(1868-1927)
"While he had been telling me the story I noticed him continually rubbing
the glass of the eyeglasses he had found on the side table. From the evident
pleasure he was taking in handling them I felt they must be one of those
sensible evidences destined to enter what he had called the circle of the
right end of his reason. That strange and unique way of his, to express
himself in terms wonderfully adequate for his thoughts, no longer surprised
me. It was often necessary to know his thought to understand the terms he
used; and it was not easy to penetrate into Rouletabille's thinking." (La
Mystere de la Chambre Jaune)
Gaston Leroux, born on 6th May 1868, and trained as a lawyer on his
father's instruction. He dreamed of becoming a writer however and,
influenced by Dumas, Poe and Hugo. Leroux's life was
eventful to say the least. When his father died leaving a considerable
inheritance, Leroux managed to dispose of the whole sum in less than a year.

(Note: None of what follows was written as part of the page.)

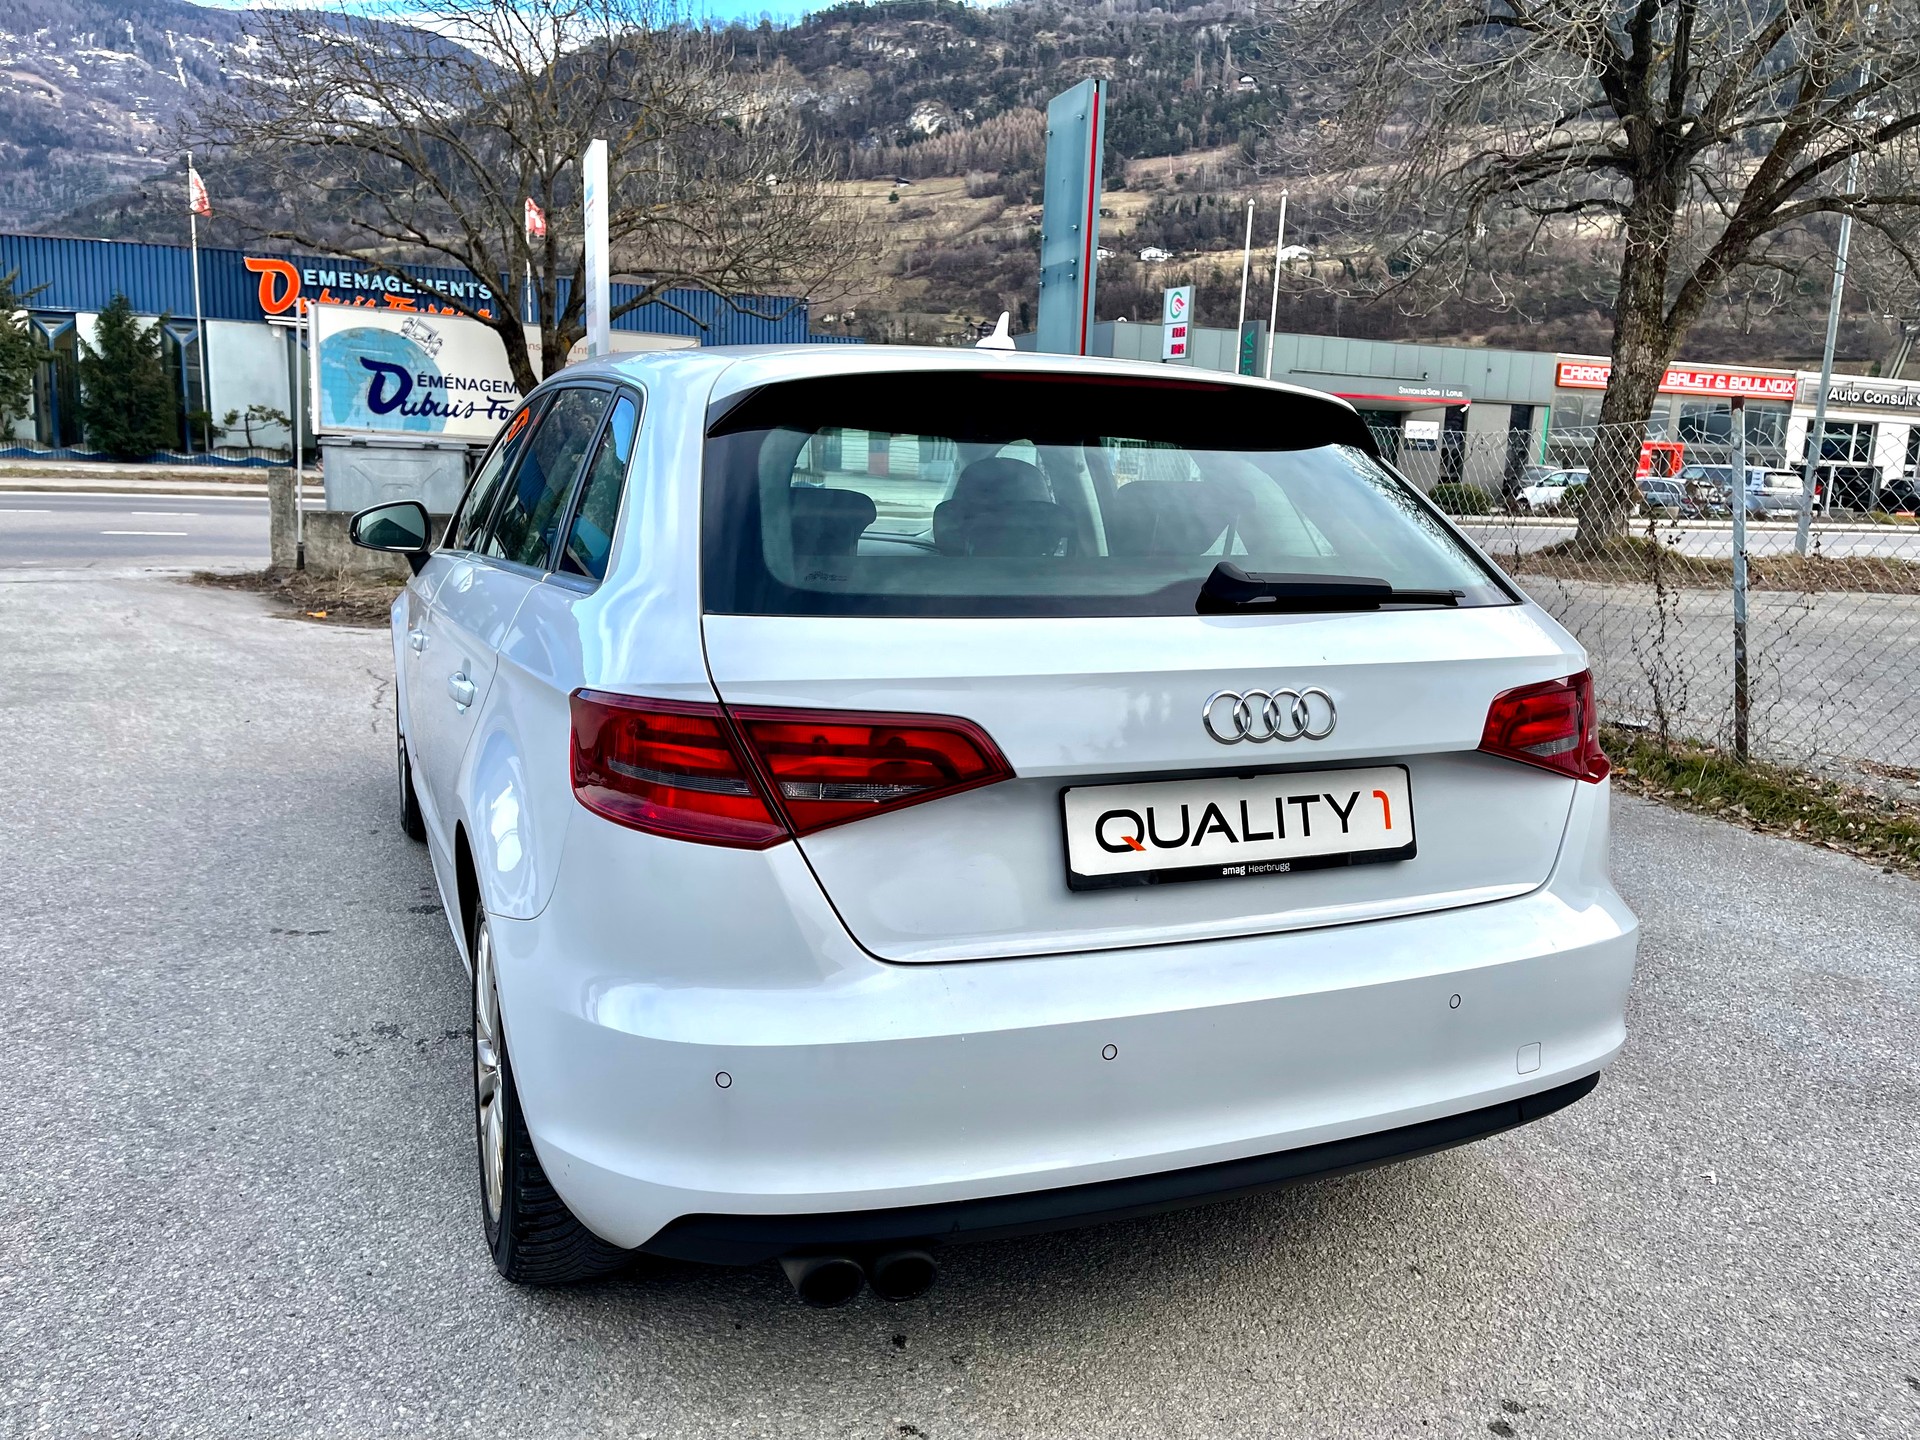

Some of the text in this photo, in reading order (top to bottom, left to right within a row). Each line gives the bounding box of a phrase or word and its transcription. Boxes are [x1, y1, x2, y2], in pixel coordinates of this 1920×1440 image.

He himself was a roving reporter and spend much time abroad in locations
such as Sweden, Finland, Morocco, Egypt and even Korea. He wrote four novels
and then decided to try to better Conan Doyle and Poe with his
own mystery stories. So, Leroux became the author of a number of extremely
popular detective novels, the most prominent of which were La Mystere de
la Chambre Jaune ("The Mystery of the Yellow Room", 1907) and Le
Parfum de la Dame en Noir. Their central and enduring character was the
amateur detective known as Rouletabille for his bullet-shaped head. This
man, Joseph Raul, is by trade a journalist and crime-reporter. Though still
a young man he manages to use his powers of reasoning to solve mysteries
while the police remain baffled - much in the vein of English authors G K
Chesterton's Father Brown and, later, Agatha Christie's Miss Marple.
By 1909, Leroux was famous and successful enough to resign from
journalism and spend all of his time writing. La Double Vie de
Theophraste Longuet and La Reine du Sabbat are two of the
author's famous horror stories produced during this period though he is now
perhaps best known worldwide for his creation of the famous eponymous hero
in The Phantom of the Opera (1910) that has been staged and filmed a
number of times and remains a popular musical by Andrew Lloyd Webber. Leroux
achieved a reasonable level of fame himself towards the end of his life, and
he resided at his beautiful and final home, the "Palace of the North Star".
He suffered, however, from illness on account of his obesity. On April 15,
1927 and at the age of 59 he died of an acute urinary infection.